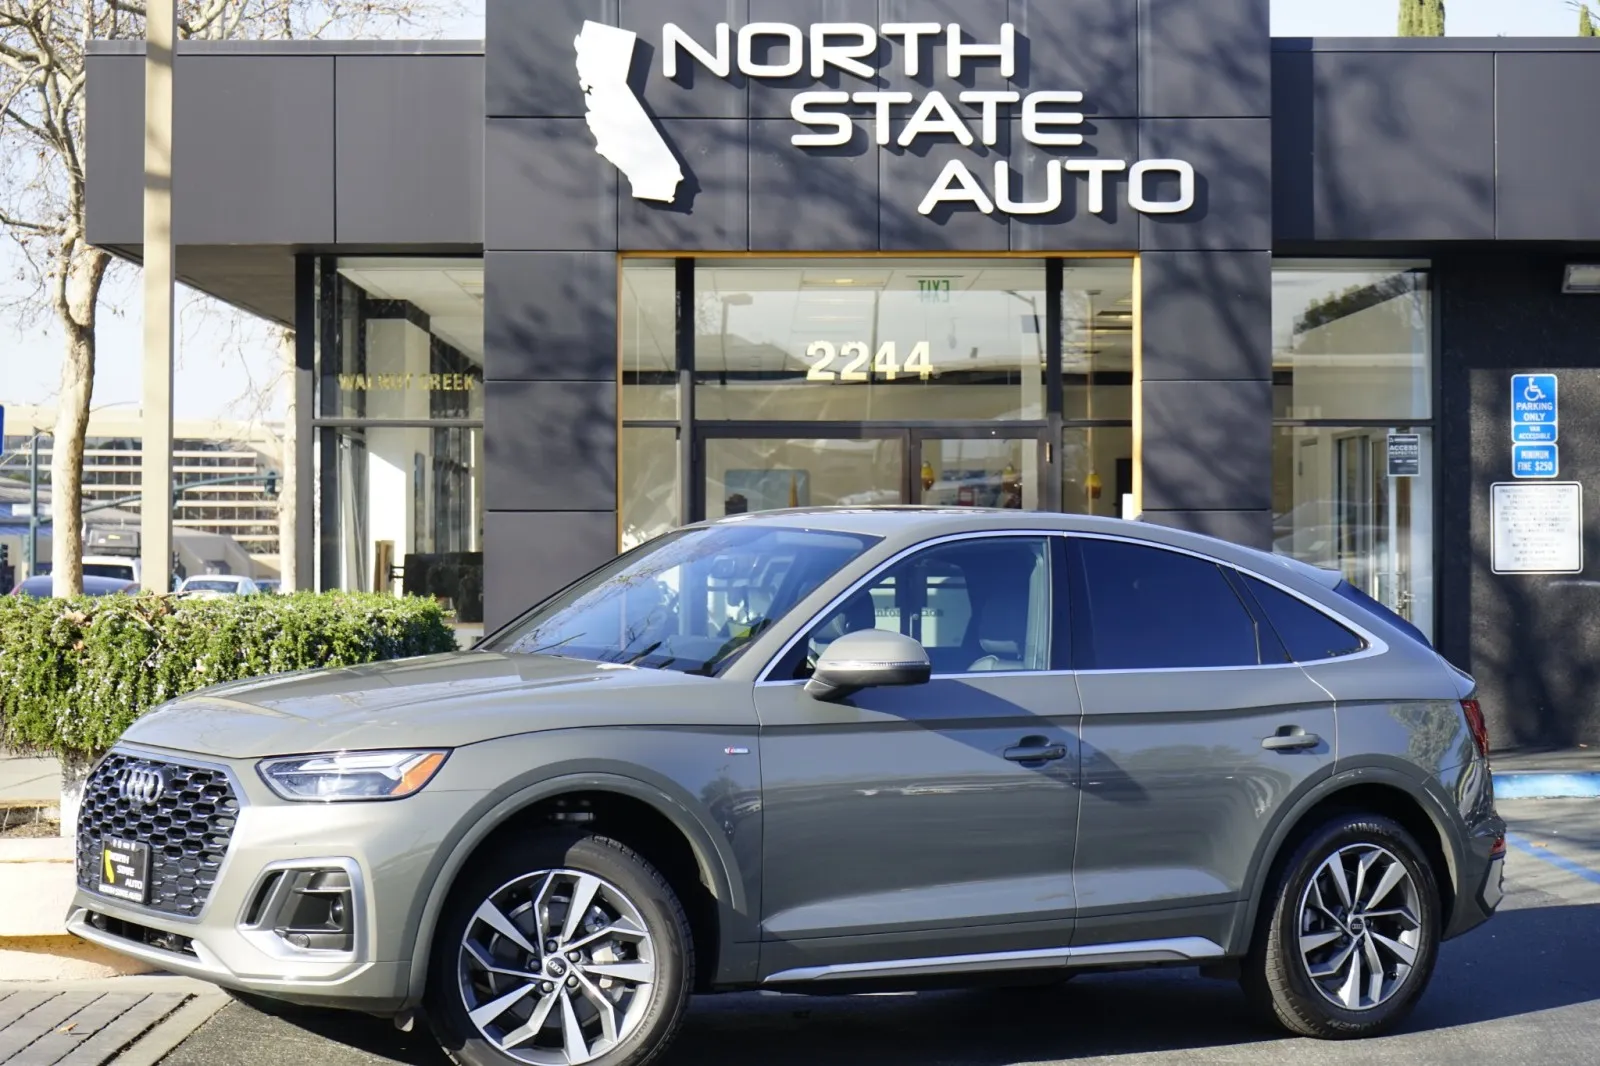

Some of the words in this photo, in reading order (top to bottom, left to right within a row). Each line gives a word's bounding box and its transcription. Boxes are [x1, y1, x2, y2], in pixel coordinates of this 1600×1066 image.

[662, 22, 1015, 78] NORTH
[790, 91, 1083, 146] STATE
[917, 159, 1195, 214] AUTO
[806, 340, 934, 381] 2244
[418, 373, 475, 391] CREEK
[1516, 402, 1553, 411] PARKING
[1523, 412, 1546, 421] ONLY
[1517, 461, 1533, 471] FINE
[1535, 461, 1553, 472] $250
[125, 878, 143, 890] AUTO

**EXERCISE DIRECTIONS:** The copy must match every line of the data exactly and contain no pictures.

**TASK OUTPUT:**
Some of the words in this photo, in reading order (top to bottom, left to right within a row). Each line gives a word's bounding box and its transcription. Boxes are [x1, y1, x2, y2], in pixel coordinates of this 1600×1066 image.

[662, 22, 1015, 78] NORTH
[790, 91, 1083, 146] STATE
[917, 159, 1195, 214] AUTO
[806, 340, 934, 381] 2244
[418, 373, 475, 391] CREEK
[1516, 402, 1553, 411] PARKING
[1523, 412, 1546, 421] ONLY
[1517, 461, 1533, 471] FINE
[1535, 461, 1553, 472] $250
[125, 878, 143, 890] AUTO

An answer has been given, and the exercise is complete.